» **Requirement**
Keep each entry exactly as written when you repeat it, and skip the images.

__________

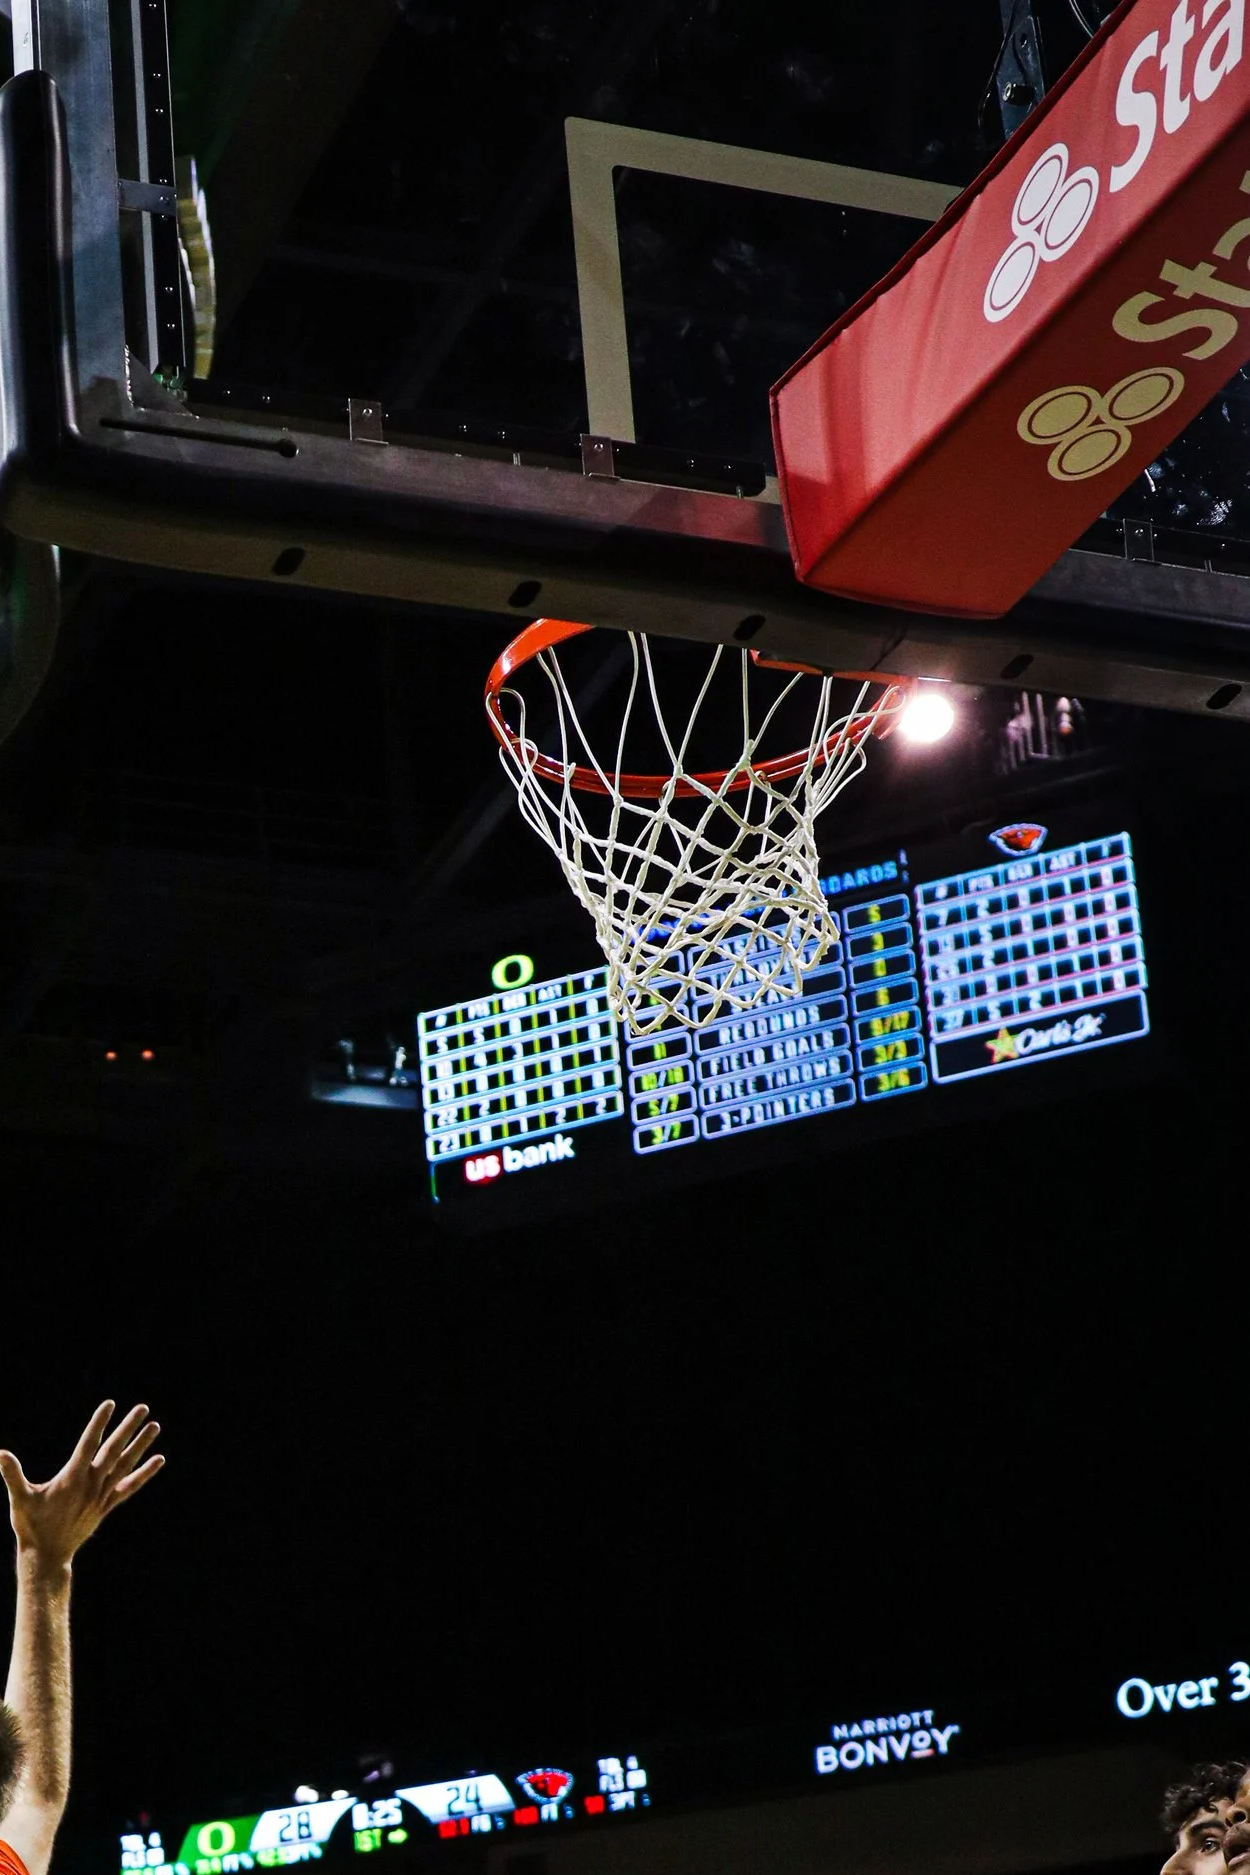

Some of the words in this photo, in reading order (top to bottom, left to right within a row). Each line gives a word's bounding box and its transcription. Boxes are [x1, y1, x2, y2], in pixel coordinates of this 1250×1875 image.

[1109, 0, 1246, 194] Sta
[718, 1004, 820, 1046] REBOUNDS
[709, 1046, 766, 1077] FIELD
[771, 1029, 835, 1061] GOALS
[708, 1076, 758, 1105] FREE
[764, 1055, 842, 1090] THROWS
[720, 1086, 836, 1132] 3-POINTERS
[1116, 1677, 1218, 1719] Over
[833, 1709, 934, 1741] MARRIOTT
[814, 1725, 959, 1776] BONVOY
[446, 1783, 481, 1817] 24
[278, 1811, 312, 1843] 28
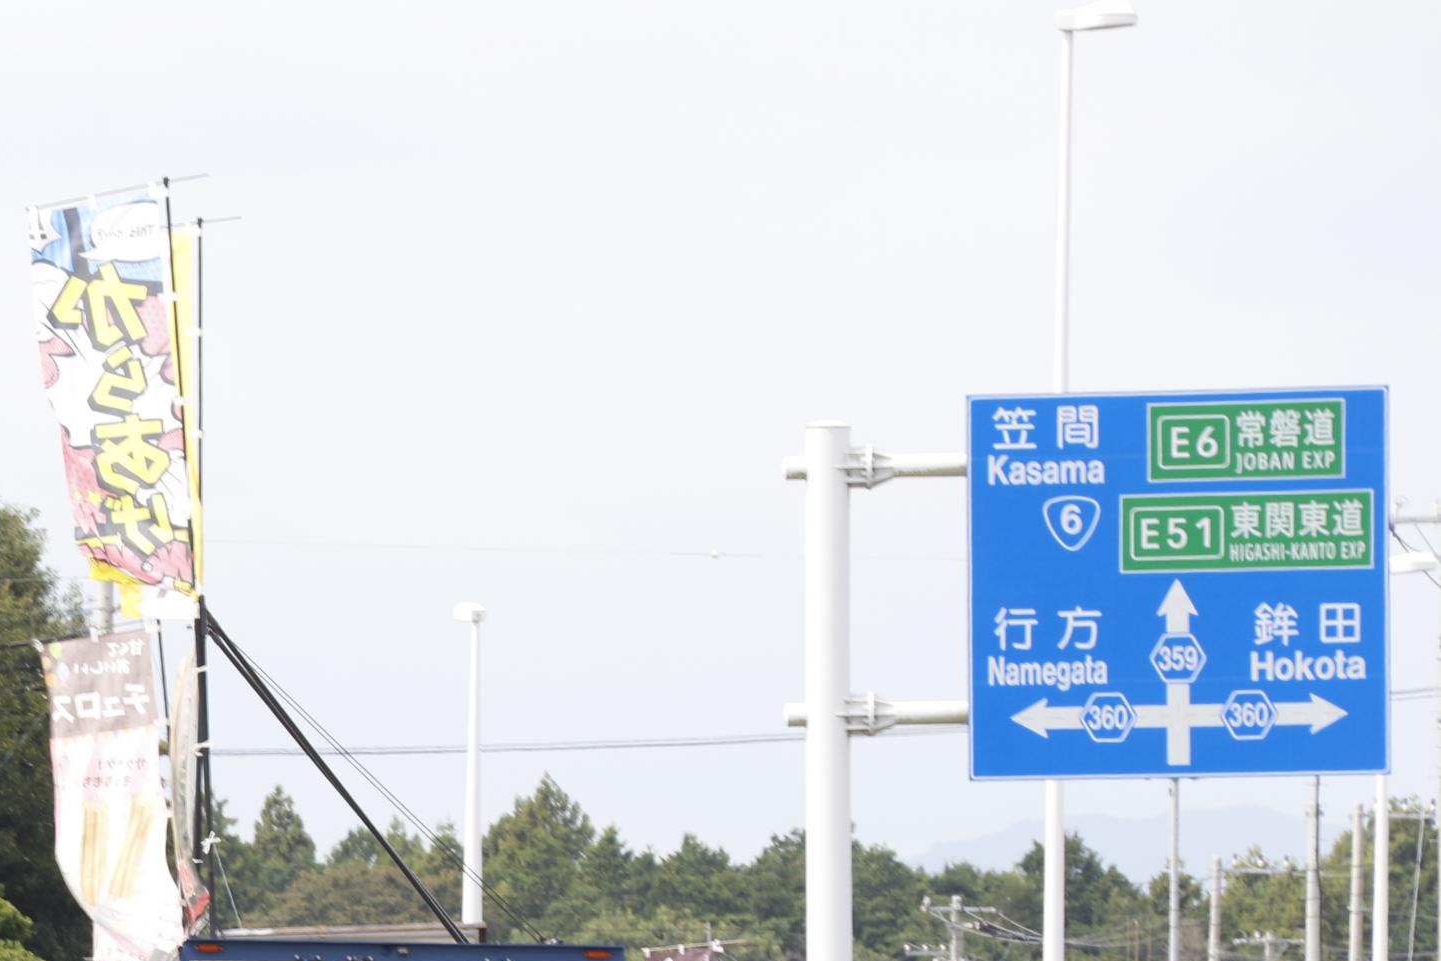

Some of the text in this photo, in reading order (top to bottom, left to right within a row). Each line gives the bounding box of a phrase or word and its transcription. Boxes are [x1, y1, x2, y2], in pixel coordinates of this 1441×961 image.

__________

» **Solution to this problem**
Some of the words in this photo, in reading order (top to bottom, left to right within a row). Each line gives a word's bounding box and its transcription. Boxes are [x1, y1, x2, y2], in pixel coordinates of this 1250×1875 image.

[1109, 0, 1246, 194] Sta
[718, 1004, 820, 1046] REBOUNDS
[709, 1046, 766, 1077] FIELD
[771, 1029, 835, 1061] GOALS
[708, 1076, 758, 1105] FREE
[764, 1055, 842, 1090] THROWS
[720, 1086, 836, 1132] 3-POINTERS
[1116, 1677, 1218, 1719] Over
[833, 1709, 934, 1741] MARRIOTT
[814, 1725, 959, 1776] BONVOY
[446, 1783, 481, 1817] 24
[278, 1811, 312, 1843] 28

Some of the text in this photo, in reading order (top to bottom, left to right within a row). Each line gives the bounding box of a phrase or word and its transcription. Boxes are [x1, y1, x2, y2], in pixel coordinates of this 1441×961 image.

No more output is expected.